**WHAT YOU WILL DO:** Please give the entries again in full and exactly, without any picture.

(Images for object localization)
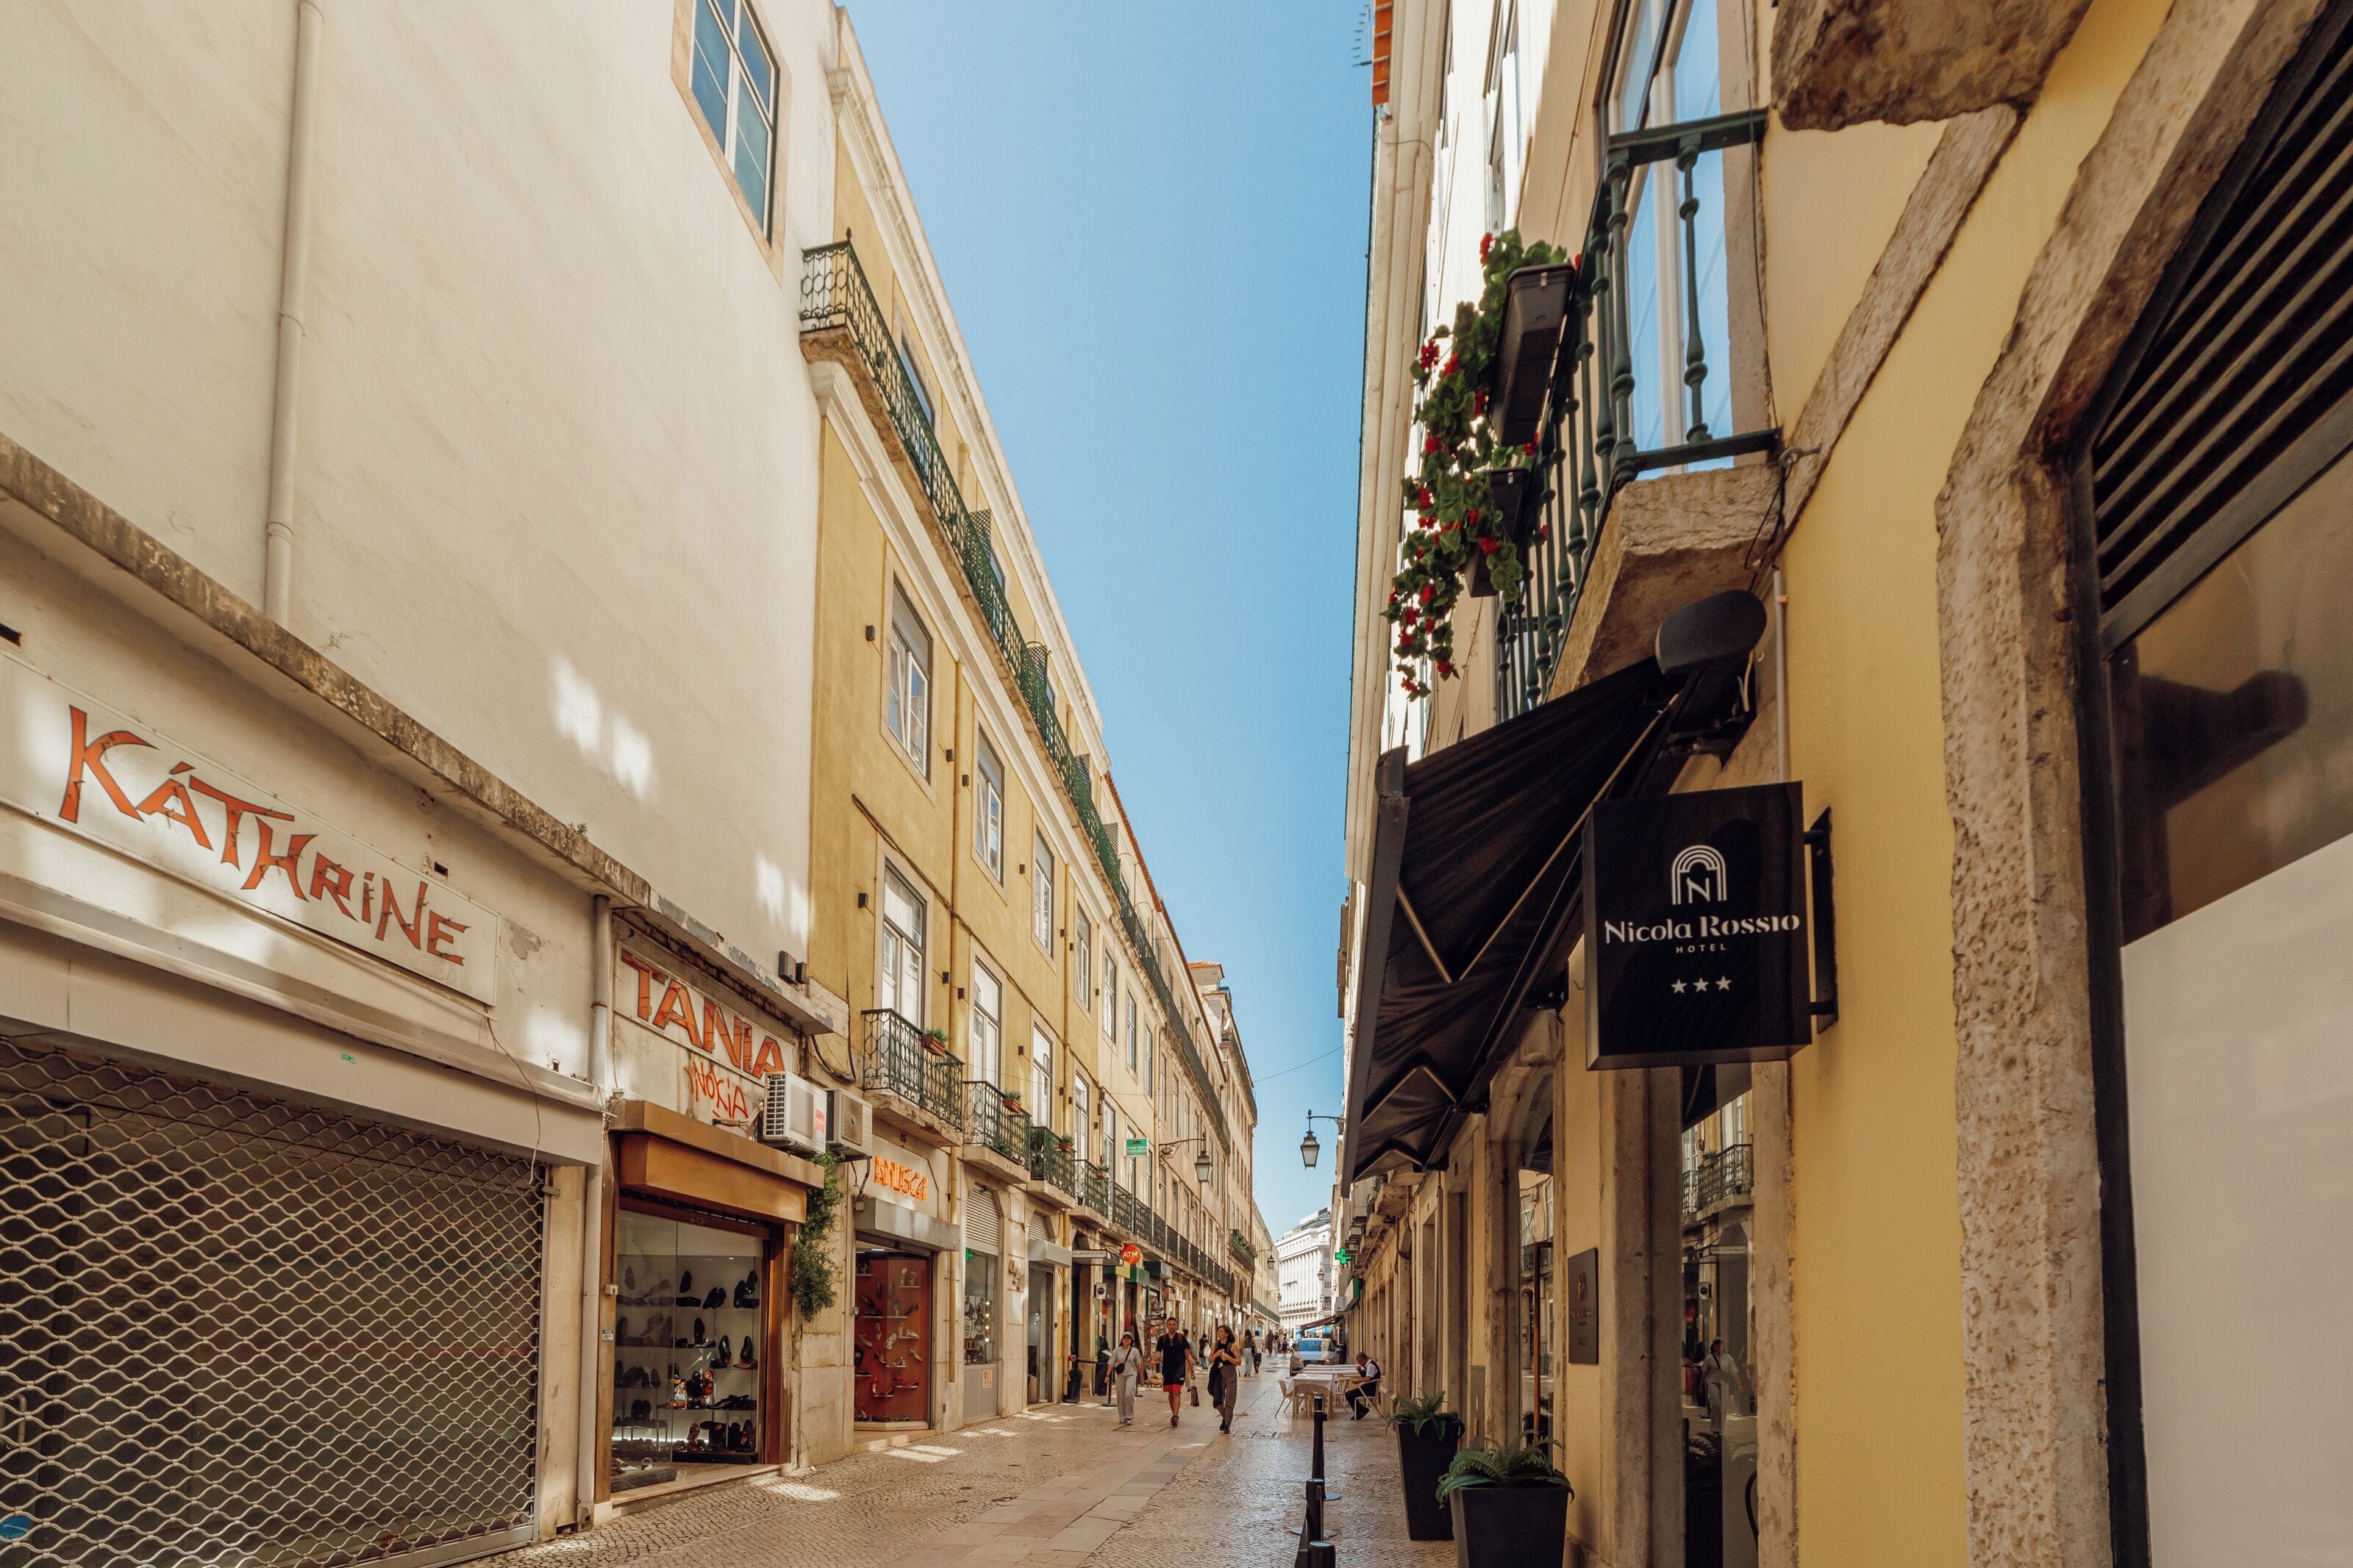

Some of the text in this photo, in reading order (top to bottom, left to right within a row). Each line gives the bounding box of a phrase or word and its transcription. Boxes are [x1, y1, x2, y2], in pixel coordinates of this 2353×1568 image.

[1604, 918, 1693, 944] Nicola
[1676, 943, 1726, 953] HOTEL
[621, 948, 785, 1079] TANIA
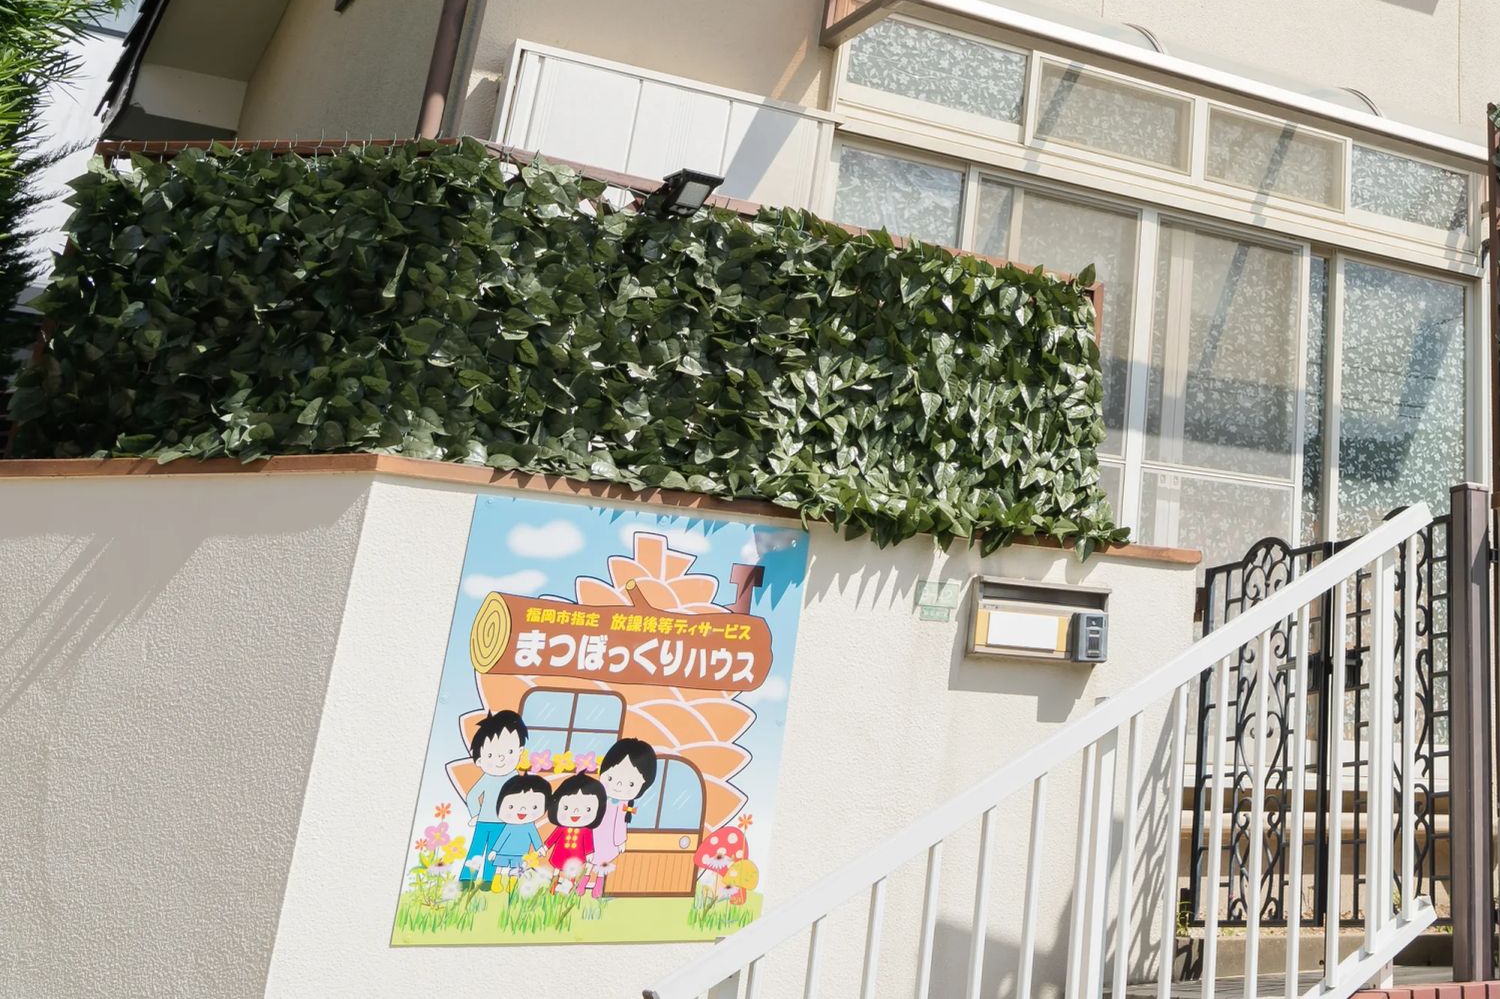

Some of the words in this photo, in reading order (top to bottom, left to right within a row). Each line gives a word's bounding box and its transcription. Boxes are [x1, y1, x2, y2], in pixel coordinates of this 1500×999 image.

[526, 607, 600, 627] 福岡市指定
[514, 629, 755, 683] まつぼっくりハウス
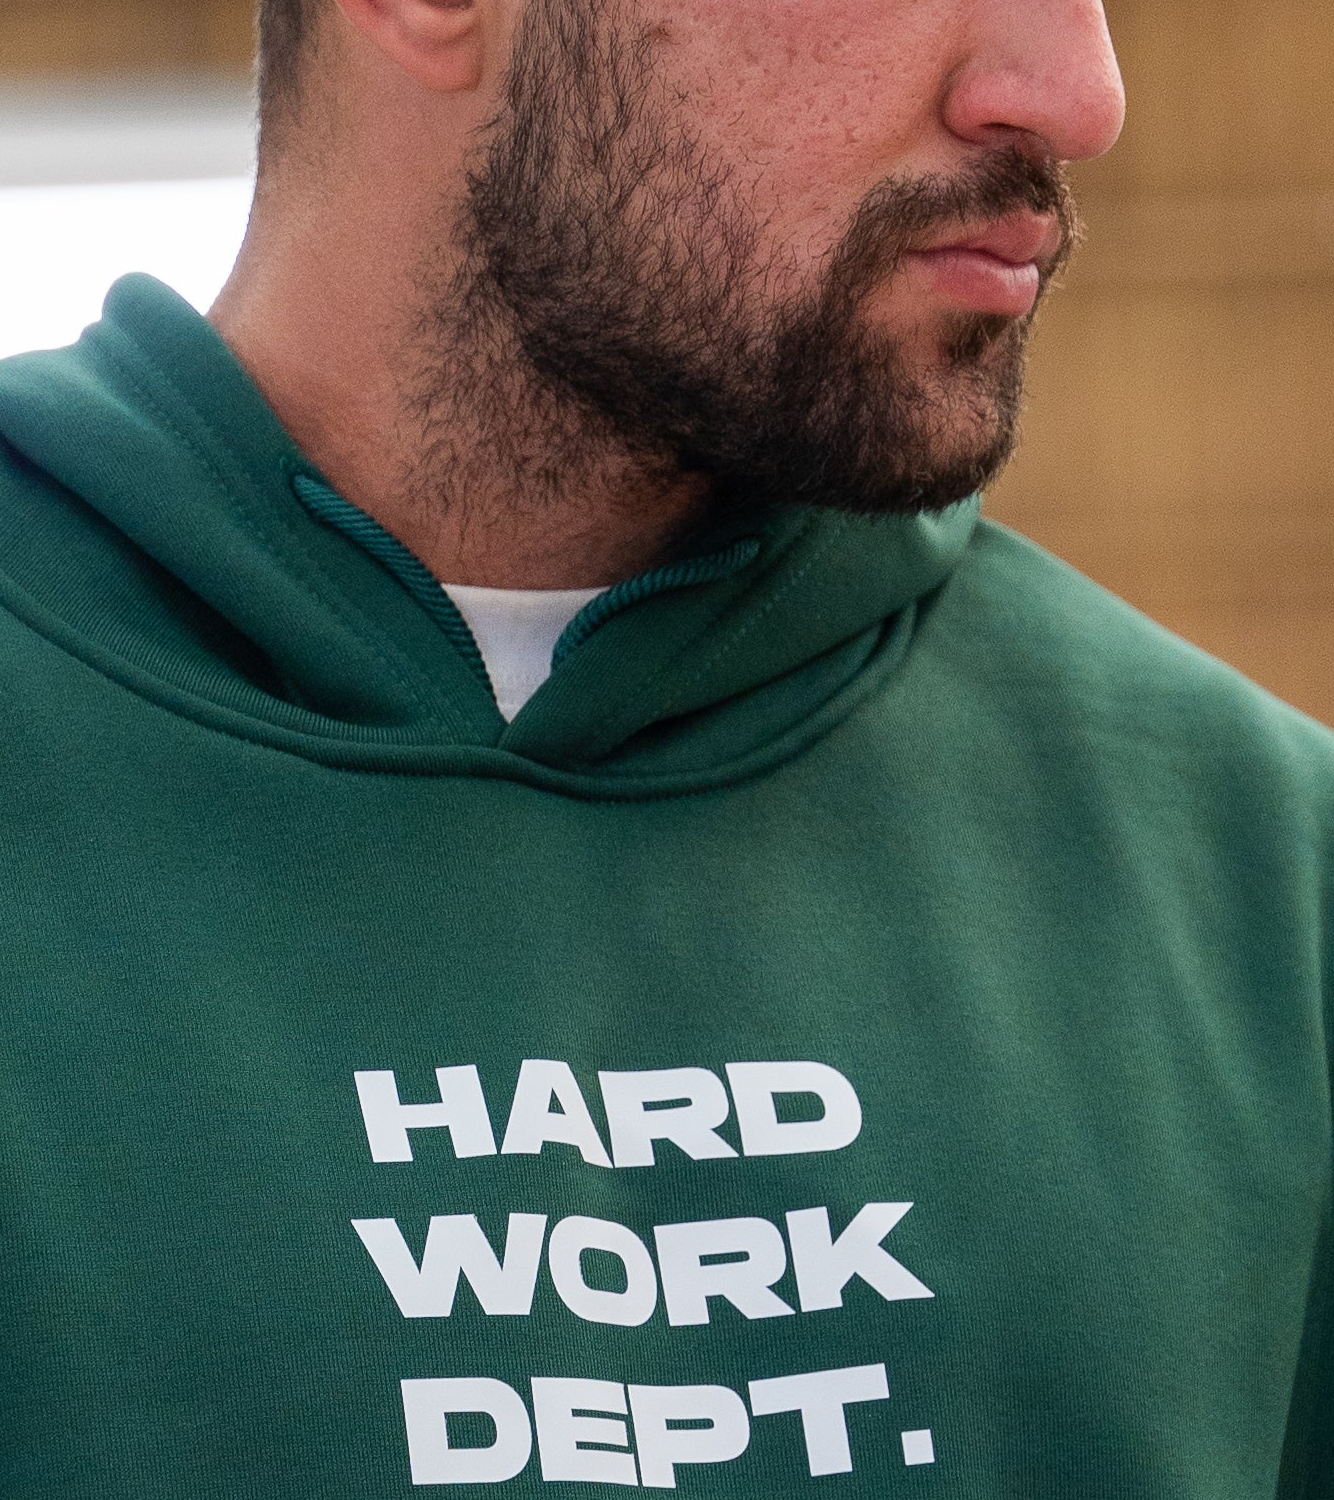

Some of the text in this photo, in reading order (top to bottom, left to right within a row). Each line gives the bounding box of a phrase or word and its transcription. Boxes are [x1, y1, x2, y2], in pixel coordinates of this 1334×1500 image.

**EXERCISE RESULT:**
Some of the text in this photo, in reading order (top to bottom, left to right within a row). Each line gives the bounding box of a phrase or word and its transcription. Boxes are [x1, y1, x2, y2], in pixel coordinates of this 2353×1568 image.

[1604, 918, 1693, 944] Nicola
[1676, 943, 1726, 953] HOTEL
[621, 948, 785, 1079] TANIA

Some of the words in this photo, in reading order (top to bottom, left to right within a row). Each line gives a word's bounding box and its transcription. Boxes are [x1, y1, x2, y2], in pixel coordinates of this 1500×999 image.

[526, 607, 600, 627] 福岡市指定
[514, 629, 755, 683] まつぼっくりハウス

Some of the text in this photo, in reading order (top to bottom, left to right within a row). Each line gives the bounding box of a phrase or word and its transcription. Boxes are [x1, y1, x2, y2], in pixel coordinates of this 1334×1500 image.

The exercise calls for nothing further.